U.s. Supreme Court Says That Double Jeopardy Clause Prevents Retrial When Trial Judge Erroneously Granted Acquittal at Defendant’s First Trial

Kish Law LLC

Both in federal criminal cases here in Atlanta and around the country, as well as in the state court proceedings we handle throughout Georgia, we occasionally deal with issues relating to “Double Jeopardy,” the portion of the Fifth Amendment that says prosecutors only get one bite at the apple. Yesterday, by a 8-1 vote, the United States Supreme Court continued to protect all of us against multiple prosecutions by holding there cannot be a second trial even when the judge made a mistake by erroneously granting an acquittal to the Defendant in the first trial. The case is Evans v. Michigan.

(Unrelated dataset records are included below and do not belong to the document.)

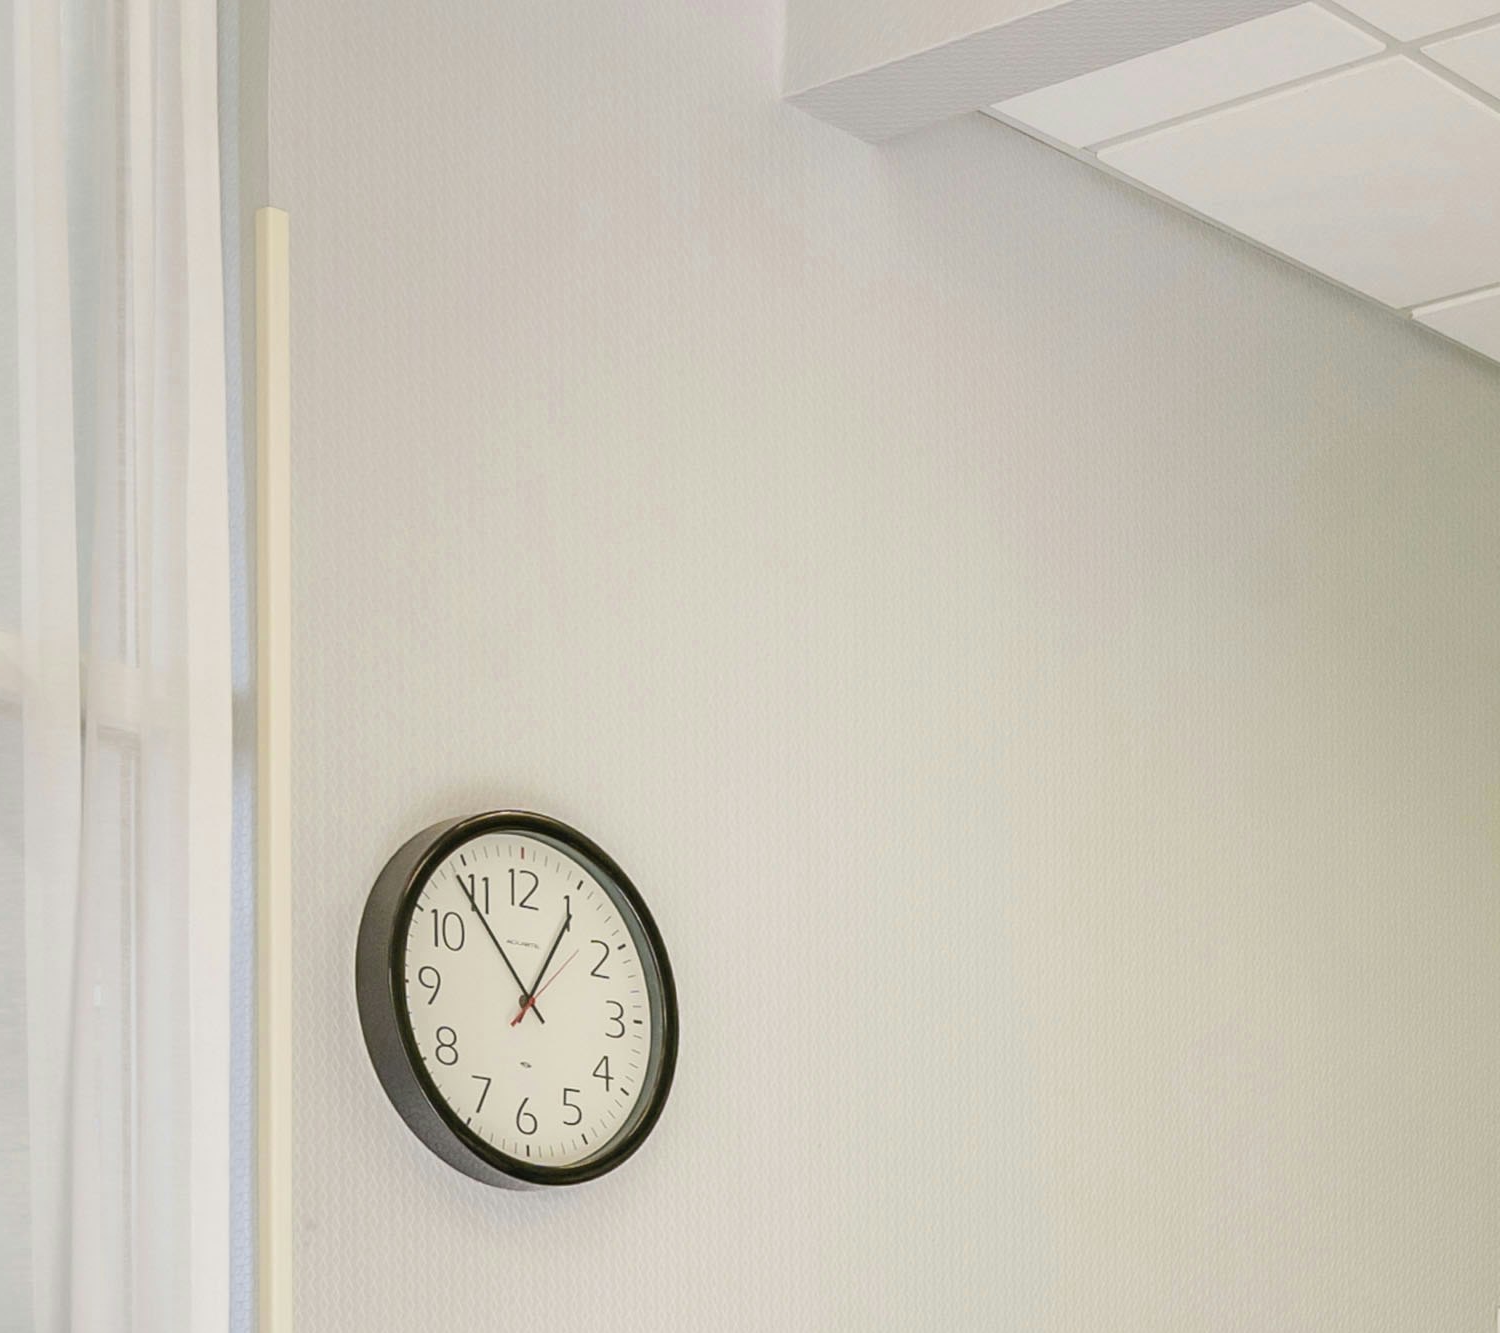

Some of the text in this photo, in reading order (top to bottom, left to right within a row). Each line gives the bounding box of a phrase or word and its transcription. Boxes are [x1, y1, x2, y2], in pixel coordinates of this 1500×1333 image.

[468, 873, 490, 915] 11
[508, 868, 540, 911] 12
[431, 908, 465, 952] 10
[563, 895, 571, 932] 1
[590, 940, 610, 979] 2
[418, 966, 441, 1005] 9
[605, 1000, 625, 1039] 3
[435, 1026, 459, 1066] 8
[592, 1055, 614, 1093] 4
[471, 1075, 492, 1114] 7
[562, 1088, 583, 1126] 5
[515, 1097, 538, 1135] 6

Mr. Evans was accused of setting a building on fire. One Michigan law makes it a crime to burn a dwelling, while a second law makes it a crime to burn “other real property.” At the close of the evidence, the Defendant’s lawyer pointed to standard jury instructions which require proof that the property was a “non-dwelling” before a person could be convicted of the crime of burning “other real property.” The trial judge, noting that the property owner said the building WAS a dwelling, granted an acquittal for the Defendant because the prosecution had failed to prove the property was NOT a dwelling. It turns out the trial judge was completely wrong, in that burning “other real property” is a lesser-included offense of the greater crime of burning a dwelling. The prosecution appealed, and Michigan’s appellate courts decided that a second trial was OK, even despite the protections from the Double Jeopardy Clause.

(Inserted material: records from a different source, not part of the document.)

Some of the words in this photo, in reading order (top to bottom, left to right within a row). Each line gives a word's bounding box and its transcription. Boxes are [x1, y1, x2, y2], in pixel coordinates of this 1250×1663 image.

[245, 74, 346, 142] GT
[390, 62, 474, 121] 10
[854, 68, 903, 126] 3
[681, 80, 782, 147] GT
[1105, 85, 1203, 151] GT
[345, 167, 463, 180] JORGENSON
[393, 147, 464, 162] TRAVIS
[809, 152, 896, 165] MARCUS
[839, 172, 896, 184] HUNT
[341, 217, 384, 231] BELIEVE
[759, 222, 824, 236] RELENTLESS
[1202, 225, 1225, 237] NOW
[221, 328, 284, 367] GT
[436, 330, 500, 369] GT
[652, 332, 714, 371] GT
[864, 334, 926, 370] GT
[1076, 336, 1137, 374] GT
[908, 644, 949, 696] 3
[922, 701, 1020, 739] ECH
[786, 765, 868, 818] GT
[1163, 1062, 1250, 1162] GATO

The U.S. Supreme Court reversed, holding that retrial following a court-decreed acquittal is barred, even if the acquittal was based upon an egregiously erroneous foundation. An “acquittal” includes any ruling that the prosecution’s proof is insufficient to establish criminal liability for an offense. This is different from procedural rulings, which lead to dismissals or mistrials for reasons unrelated to factual guilt or innocence. An acquittal is a substantive ruling that concludes proceedings absolutely, and thus raise significant Double Jeopardy concerns. Here, the trial court clearly evaluated the prosecution’s evidence and determined that it was legally insufficient to sustain a conviction. While the acquittal was the product of an erroneous interpretation of governing legal principles, that error affects only the accuracy of the determination to acquit, not its essential character.

Along the way, the Supreme Court addressed the prosecution’s argument that Mr. Evans got a “windfall”, and he should not get the benefit of a real bonehead ruling by the trial judge. The U.S. Supreme Court was unimpressed, noting that States and the federal government have the power to prevent such situations by disallowing the practice of midtrial acquittals, encouraging courts to defer consideration of a motion to acquit until after the jury renders a verdict, or providing for mandatory continuances or expedited interlocutory appeals. The bottom line: the Double Jeopardy Clause remains intact as one of the bulwarks protecting individuals from multiple prosecutions, even when the first case was erroneously decided against the prosecution.

Some of the recent cases also reminded me of a medical doctor I represented who got caught up in the post 9-11 laws that criminalize lots of innocent conduct. One of those laws (18 United States Code, section 1038) makes it a crime to make a false report of something, which if it was true, would be a terrorist act. Through a series of mishaps, the doctor was pulled off a plane, but they would not remove his luggage, and planned on sending the flight along without him but leaving his bags on board. He complained, explaining that was stupid, in that for all they knew, his bags could contain explosives. That was not a smart thing to say, but it also was not a crime, in my estimation. Over the course of several years, I filed hundreds of pages of legal motions challenging the statute, and argued that the doctor had a First Amendment right to make a truthful statement: it is stupid to allow a passenger’s bags to remain on a flight when the passenger himself is no longer one of the passengers. After lots of work, we eventually convinced the prosecutors to drop all charges. The incident still pops up from time to time when the doctor’s medical license is up for renewal, but every time it has we convinced the regulatory bodies that he did nothing wrong.

The federal authorities like to make criminal cases when activities take place on airplanes. I probably will see more of these in the years ahead.